Tommy Douglas of the New Democratic Party, photographed in 1966. (Barry Philp / Toronto Star via Getty Images)
At the 2025 Progress Summit hosted by the Broadbent Institute, a panel titled “A Stronger Canada: Building Our Economy in Uncertain Times” featured a discussion on the future of Canada’s energy infrastructure. There I argued that replacing fossil fuels will require Canada to double its electricity supply by 2050 — and that public ownership of the electricity sector is the most cost-effective way to achieve this. I made the case for prioritizing highly unionized, dispatchable hydro and nuclear power rather than relying on low-union, intermittent wind and solar. But beneath the technical questions lies a deeper political challenge: the federal New Democratic Party (NDP) must rethink its electrification policy in the wake of its disastrous results in Canada’s recent election.
The NDP’s collapse was not just the product of international headwinds or shifting personalities. Postelection analysis confirms a long-running trend: the party has lost the support of rural and suburban blue-collar workers. Its base now lies mostly among urban, white-collar professionals. This shift is electorally disastrous. These two groups — blue-collar and white-collar workers — have different outlooks and class interests. The NDP has increasingly tailored its policies to the latter, further alienating its traditional working-class base. As blue-collar workers abandon the party, their perspectives disappear from NDP priorities, creating a vicious cycle of decline.
Public ownership of electricity was once a signature achievement of Canadian progressivism. Visionaries like Adam Beck in Ontario, Tommy Douglas in Saskatchewan, and René Lévesque in Quebec ensured Canadians had access to cheap, abundant, publicly provided power. This model, unlike the US system dominated by private utilities, or the UK’s post-Thatcher privatizations, delivered high union density and stable, well-paying jobs for generations of Canadian workers.
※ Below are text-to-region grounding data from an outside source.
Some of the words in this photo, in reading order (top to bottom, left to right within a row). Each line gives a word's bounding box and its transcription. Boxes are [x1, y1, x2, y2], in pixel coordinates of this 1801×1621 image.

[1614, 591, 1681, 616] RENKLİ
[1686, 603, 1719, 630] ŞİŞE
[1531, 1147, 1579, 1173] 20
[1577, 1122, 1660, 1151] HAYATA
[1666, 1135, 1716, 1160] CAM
Yet this legacy is under attack from all sides. The Right has long served a privatization agenda. Since the 1990s, it has succeeded in privatizing Nova Scotia Power, selling off Ontario’s Hydro One, and deregulating Alberta’s electricity sector.
On the Left, the threat is more ambiguous. Influenced by a “small is beautiful” ethos from the 1970s, many progressives have grown suspicious of large Crown corporations — Canada’s version of state-owned utilities. Instead of defending public utilities, they’ve promoted “community” solutions, models that appeal only to a narrow band of urban professionals with the time and resources to participate in co-ops. These projects do little to meet the needs of most households or support the scale of electricity generation required for industrial and public infrastructure, from factories and mines to hospitals and, increasingly, transportation.
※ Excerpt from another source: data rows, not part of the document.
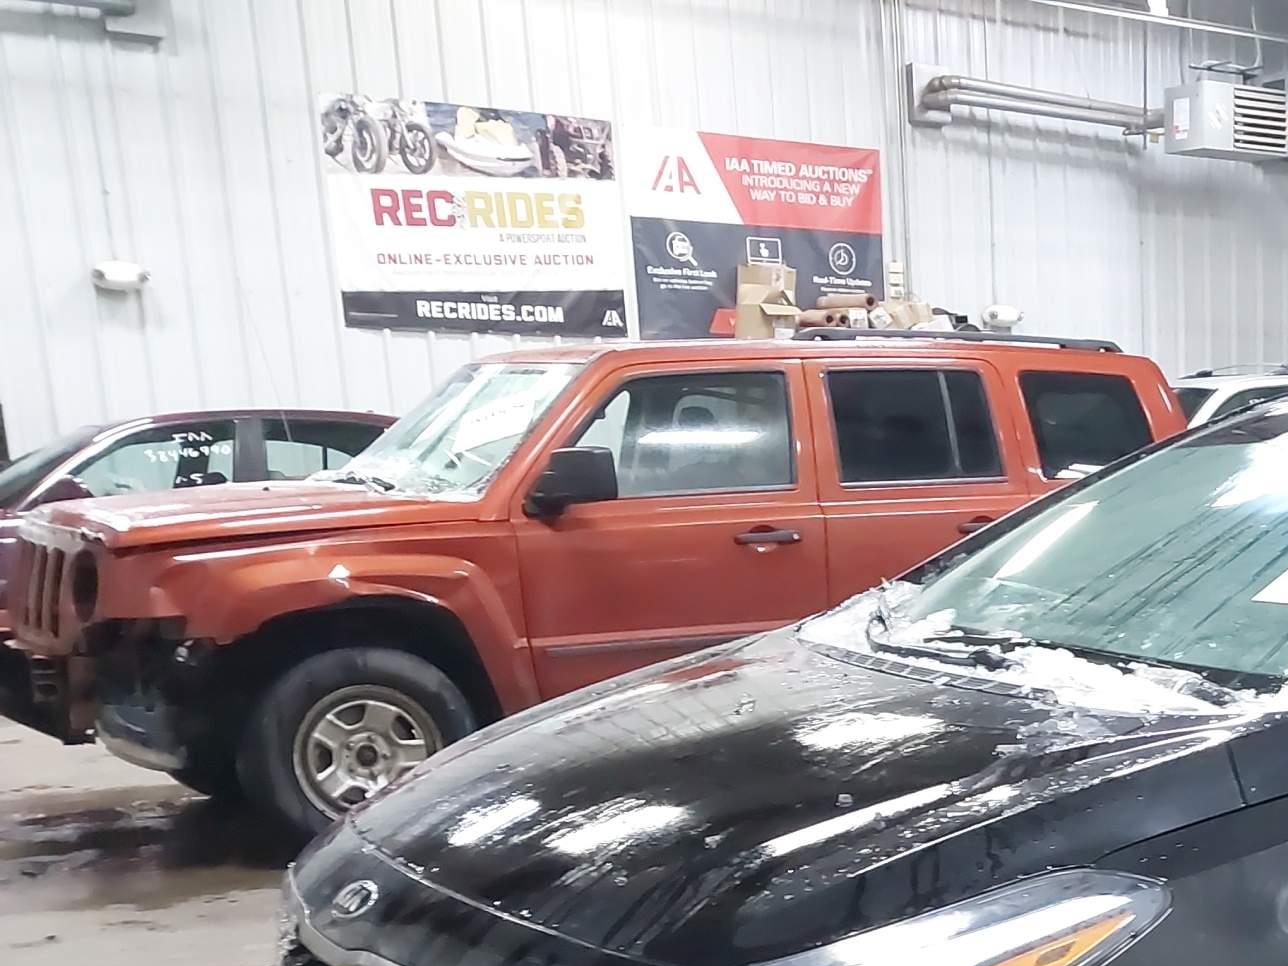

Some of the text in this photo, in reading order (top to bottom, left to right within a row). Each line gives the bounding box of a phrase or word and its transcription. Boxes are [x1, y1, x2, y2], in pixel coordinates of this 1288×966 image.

[725, 157, 750, 172] IAA
[751, 160, 796, 177] TIMED
[742, 174, 860, 196] INTRODUCING A NEW
[750, 188, 855, 208] WAY TO BID & BUY
[377, 253, 594, 266] ONLINE-EXCLUSIVE AUCTION
[416, 300, 565, 323] RECRIDES.COM
This ideological shift has reshaped the NDP itself. Once an industrially ambitious, technology-neutral party that embraced growth through Crown corporations and large-scale public works, the NDP now increasingly advocates for a low-energy, pastoralist vision — one of scattered rooftop solar panels and wind turbines. That aesthetic may resonate with urban professionals, but it offers little to the working class. The industrial model delivered construction and maintenance jobs on a growing grid, under public ownership and strong union representation. The newer vision lacks a material base — and, in many cases, lacks any appeal to the industrial working class at all.
Environmental movements have played a part in this transformation. NDP policy increasingly pushes for wind and solar while opposing nuclear and, at times, hydro. But wind and solar have the lowest rates of public ownership and unionization, while hydro and nuclear remain union strongholds. And thanks to hydro and nuclear providing more than 70 percent of its electricity, Canada has one of the least emission-intensive large grids on the globe, alongside France (nuclear), Sweden (hydro and nuclear), and Norway (hydro). In spite of this, the traditional environmentalist focus on conservation — “the best energy is the energy you don’t use” — has recently morphed, in some circles, into a “degrowth” ideology that calls for planned reductions in production and consumption. This vision is fundamentally at odds with the needs of working-class Canadians.
The retreat from modern industrial capacity has had political consequences. In ceding industrial ambition and energy development to the Right, the NDP has allowed the Conservative Party to claim the mantle of growth, jobs, and working-class representation — however distorted these claims may be in practice. A party once grounded in labor now risks permanent estrangement from the very people it was created to represent.
The path to NDP renewal is clear: Embrace a growth-oriented industrial strategy — one that delivers real material benefits to workers. Rebuild public power. Champion large-scale, unionized electrification. Reclaiming this tradition means more than policy correction; it’s a question of political survival. If the party continues to chase a narrow, urban professional base, it faces self-imposed electoral “degrowth” and irrelevance.
The NDP’s future depends on reclaiming its roots and fighting for the workers who built this country. The alternative is a slow fade into political obscurity.